Die Männer entspannten sich, allerdings verrieten die Gesichter der Frauen weniger Gelassenheit.

Petra Heerse war zu lange schon mit einem Polizisten verheiratet, um nicht zu wissen, wie sich ihr Mann gerade fühlte. Diese Wieser machte ihm das Leben schwer und das konnte sie als Ehefrau kaum gutheißen, deshalb schickte sie in Gedanken ein paar unschöne Verwünschungen in Richtung der jungen Frau.

Auch Marion dachte über Sina Wieser nach. Ihr Vater hatte solche Menschen als Abschaum bezeichnet. »Schlechtes Blut hat Geltungssucht«, pflegte er dann in einem angewiderten Tonfall zu sagen.

Karina, die mittlerweile reichlich dem Alkohol zugesprochen hatte, hielt sich mit Äußerungen zurück, hatte aber die Frau im Fernsehen mit einem geringschätzigen Blick bedacht.

 

Damit die Stimmung nicht anfing zu kippen, servierte Marion schnell den Espresso und einen zwanzig Jahre alten Grappa. Die öligen Schlieren, die er am Glas zurückließ, wenn man dieses langsam drehte, zeugten von der Hochprozentigkeit des Getränks.

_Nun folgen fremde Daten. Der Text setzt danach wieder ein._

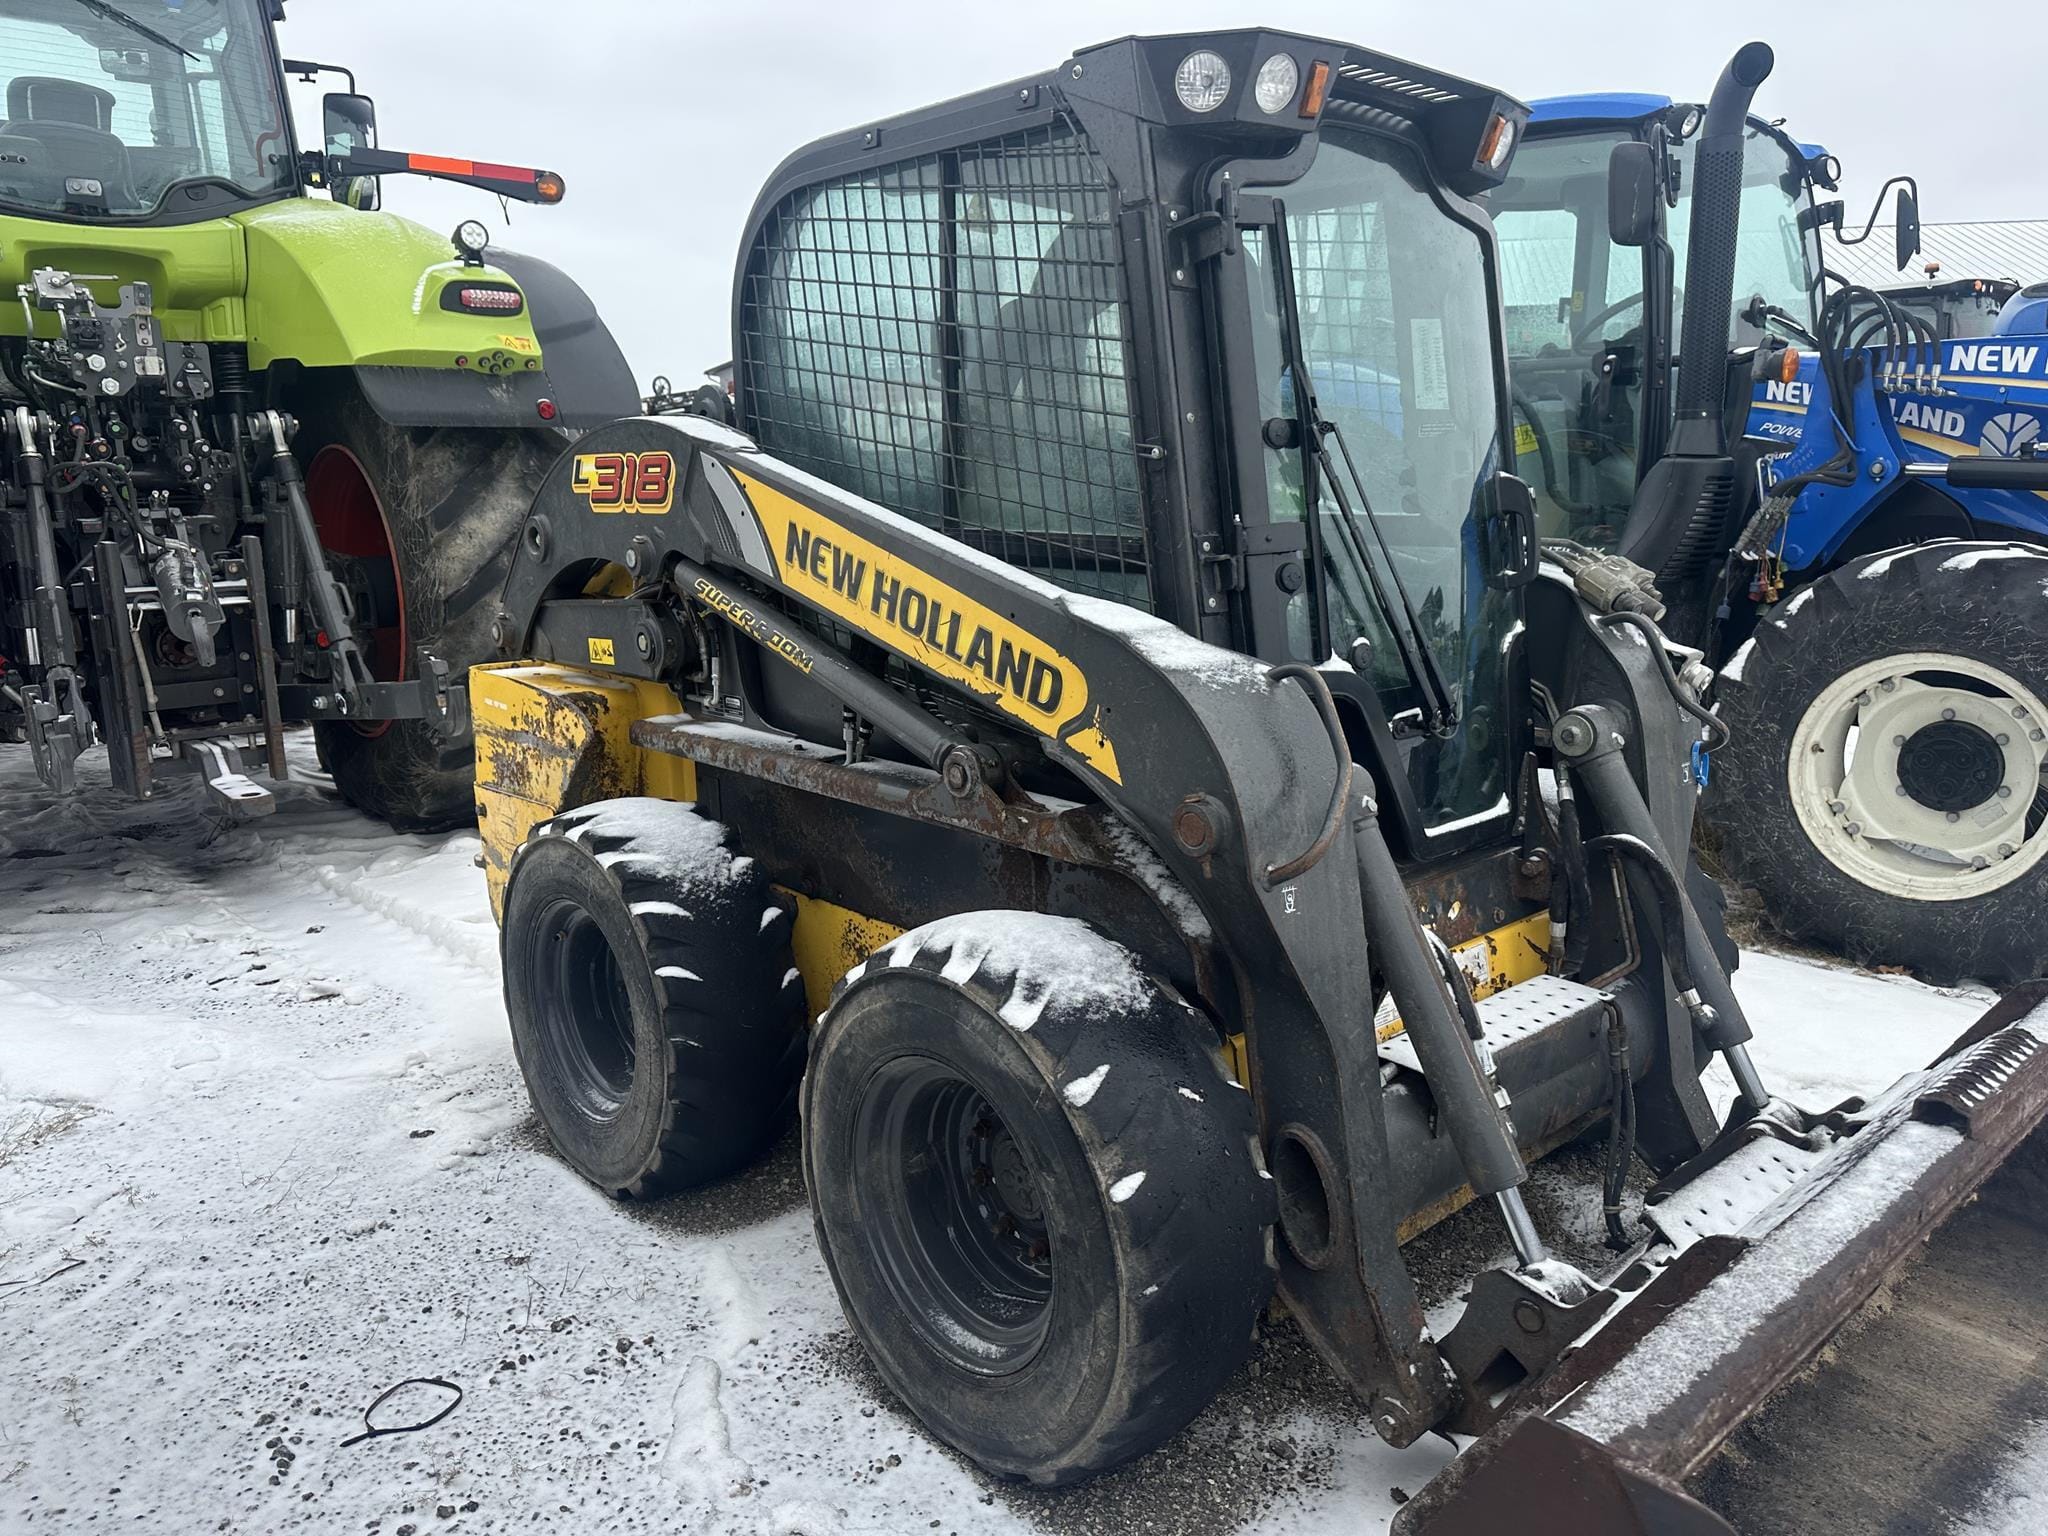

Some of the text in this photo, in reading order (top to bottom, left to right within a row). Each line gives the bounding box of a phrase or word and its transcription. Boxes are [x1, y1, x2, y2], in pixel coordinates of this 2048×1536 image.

[1950, 345, 2039, 373] NEW
[572, 451, 677, 514] L318
[785, 520, 1064, 716] NEW HOLLAND
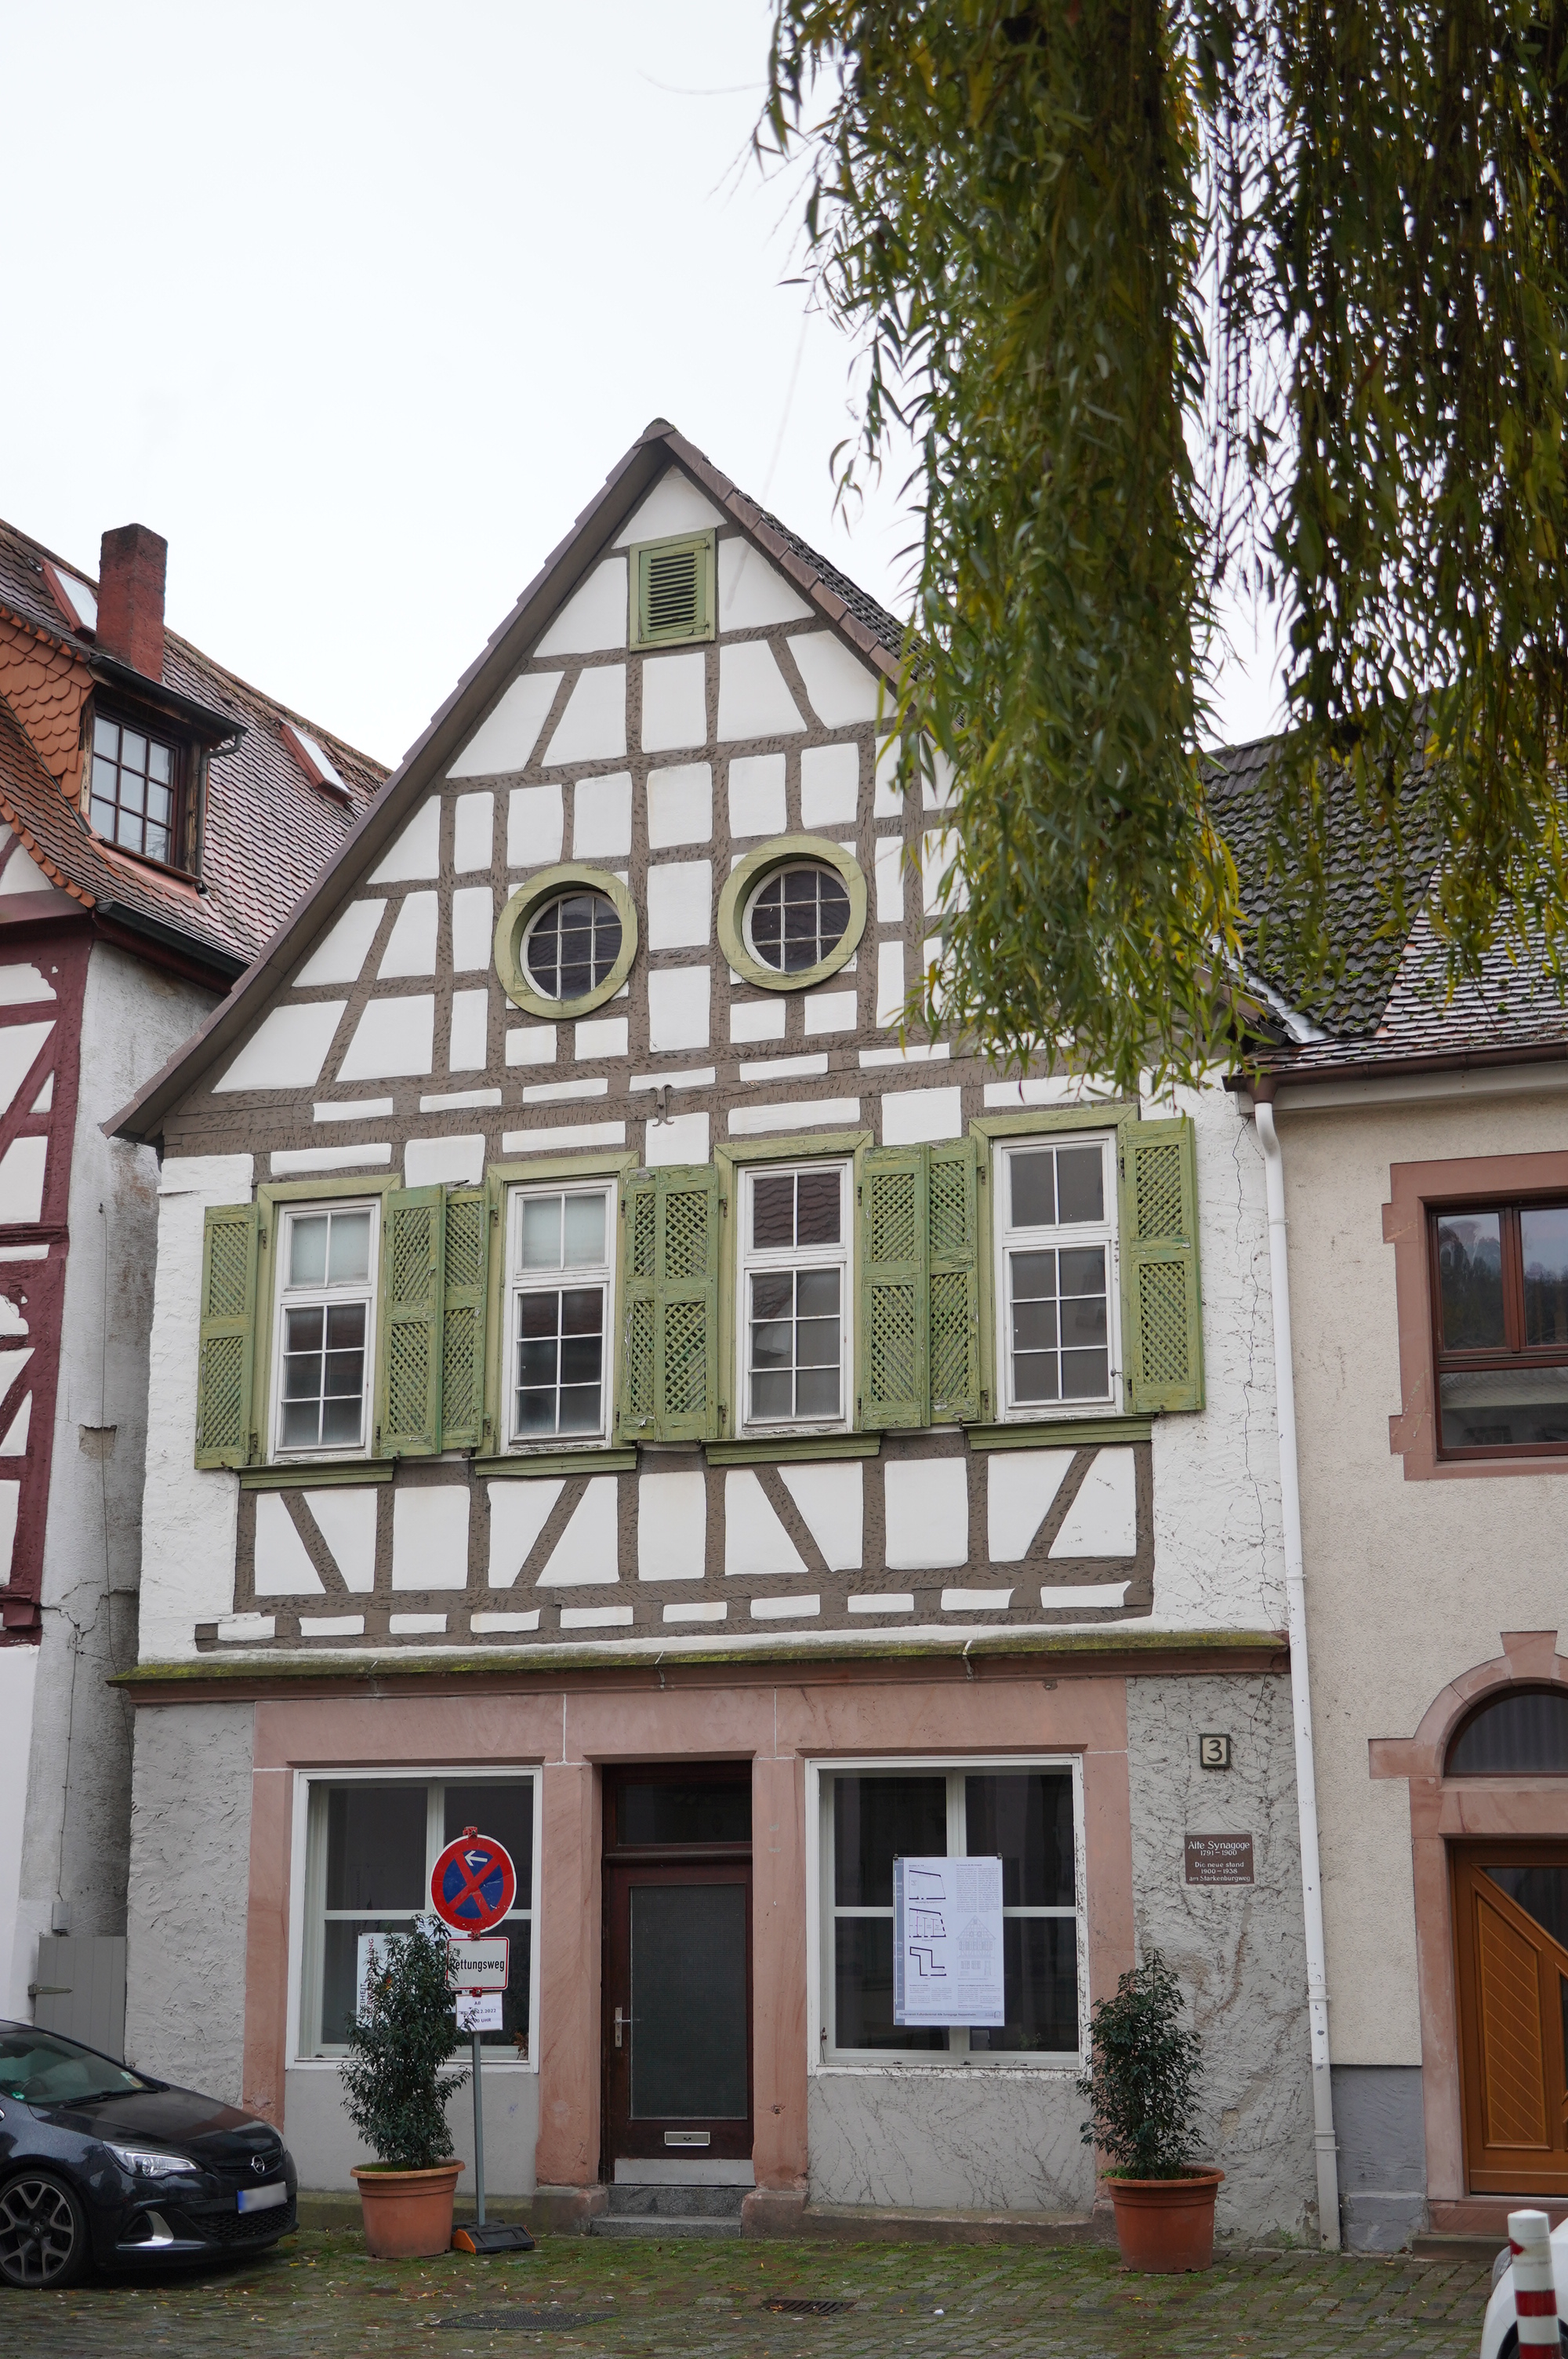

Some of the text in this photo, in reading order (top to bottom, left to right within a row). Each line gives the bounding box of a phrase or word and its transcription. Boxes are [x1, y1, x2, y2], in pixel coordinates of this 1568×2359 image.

[1207, 1739, 1222, 1762] 3
[1188, 1841, 1250, 1851] Alte Synagoge
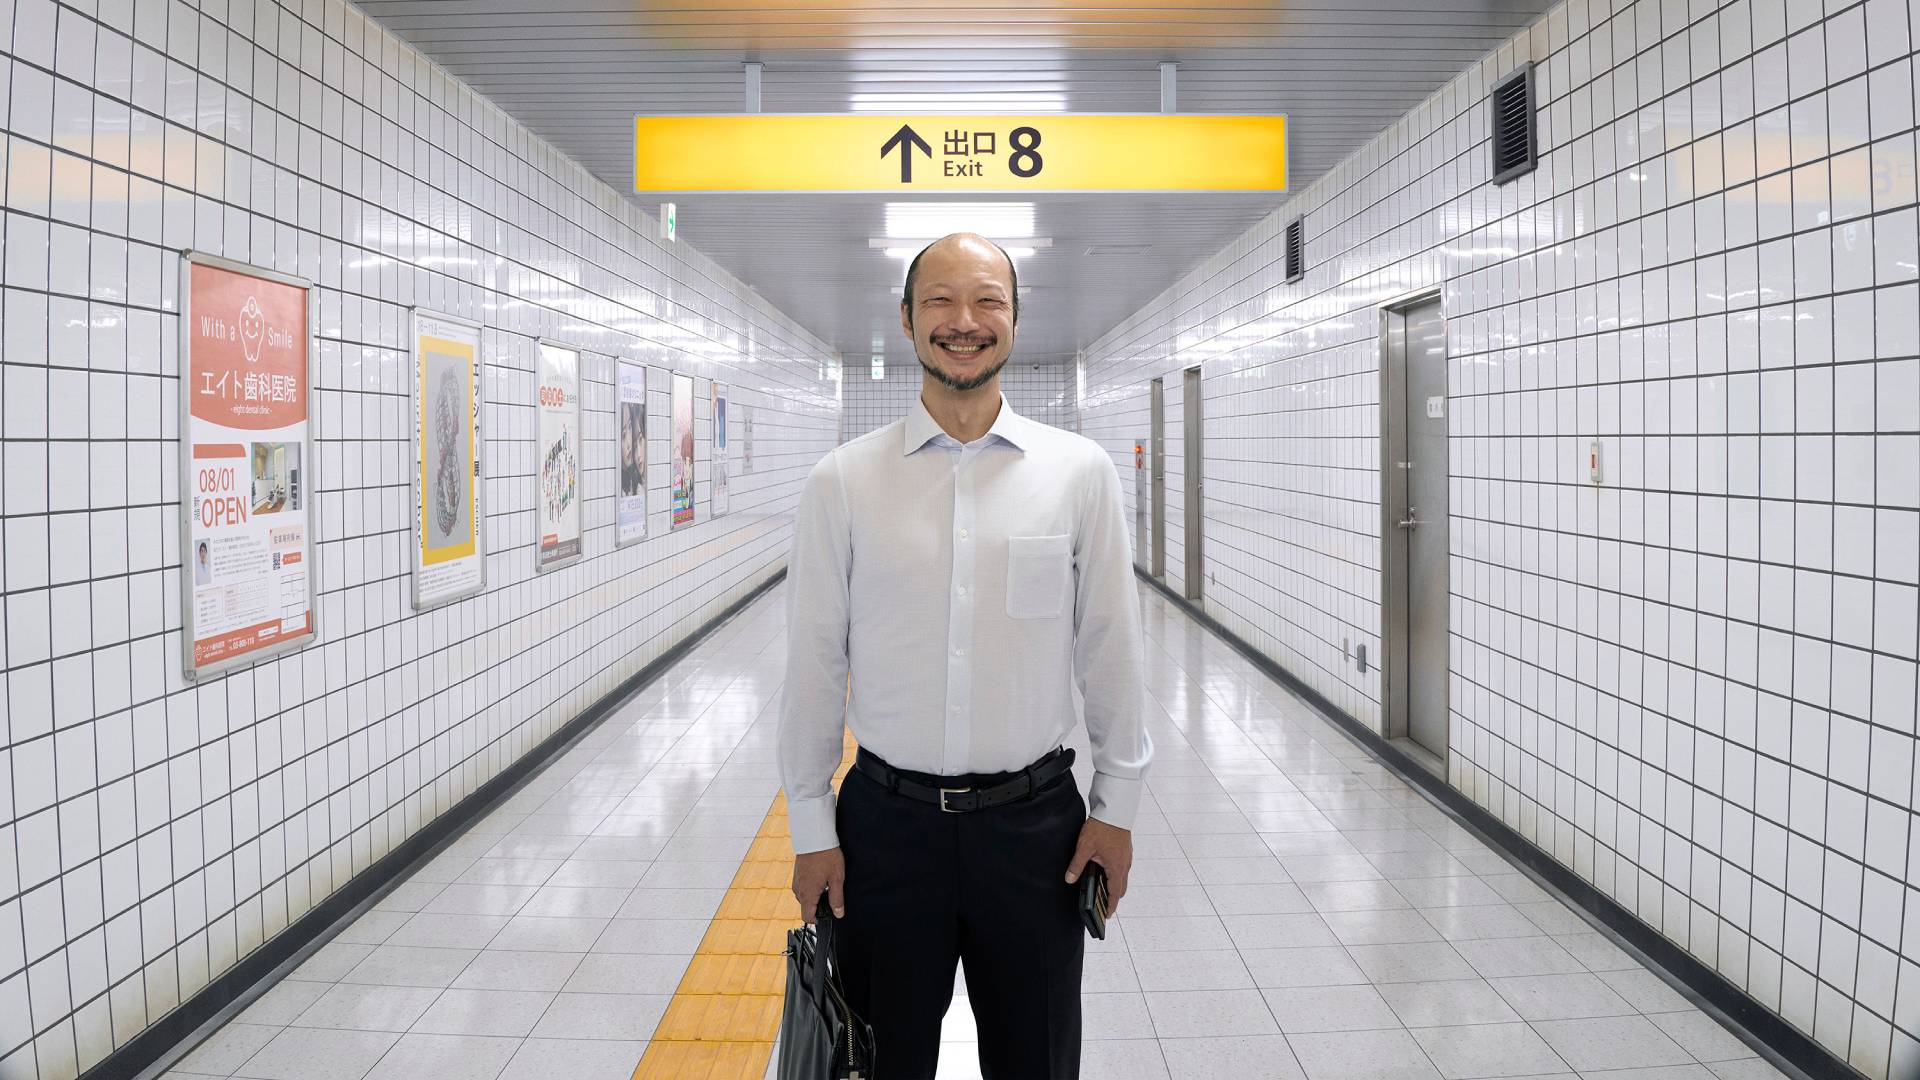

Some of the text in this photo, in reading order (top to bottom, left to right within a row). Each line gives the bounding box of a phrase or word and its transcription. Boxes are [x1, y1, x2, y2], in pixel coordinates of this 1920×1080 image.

Frank bot seinen Gästen Zigarren an und verschwand dann mit den Rauchwilligen auf dem großen Balkon.

Die kleine Gruppe besann sich wieder auf den Grund ihres Zusammentreffens und bald schien Sina Wieser vergessen.

Den ganzen Abend über sprang Marion zwischen den Gästen wie ein Geist hin und her. Niemand bemerkte ihre Betriebsamkeit, und als ihr Petra Heerse in der Küche behilflich sein wollte, lehnte sie das strikt ab.

Während sie grob Ordnung schaffte, die Cateringfirma würde morgen den Rest erledigen, hörte sie von draußen Stimmen. Es gab auch von der Küche einen Ausgang auf die Terrasse, und da es eine warme Nacht war, standen die Türen offen.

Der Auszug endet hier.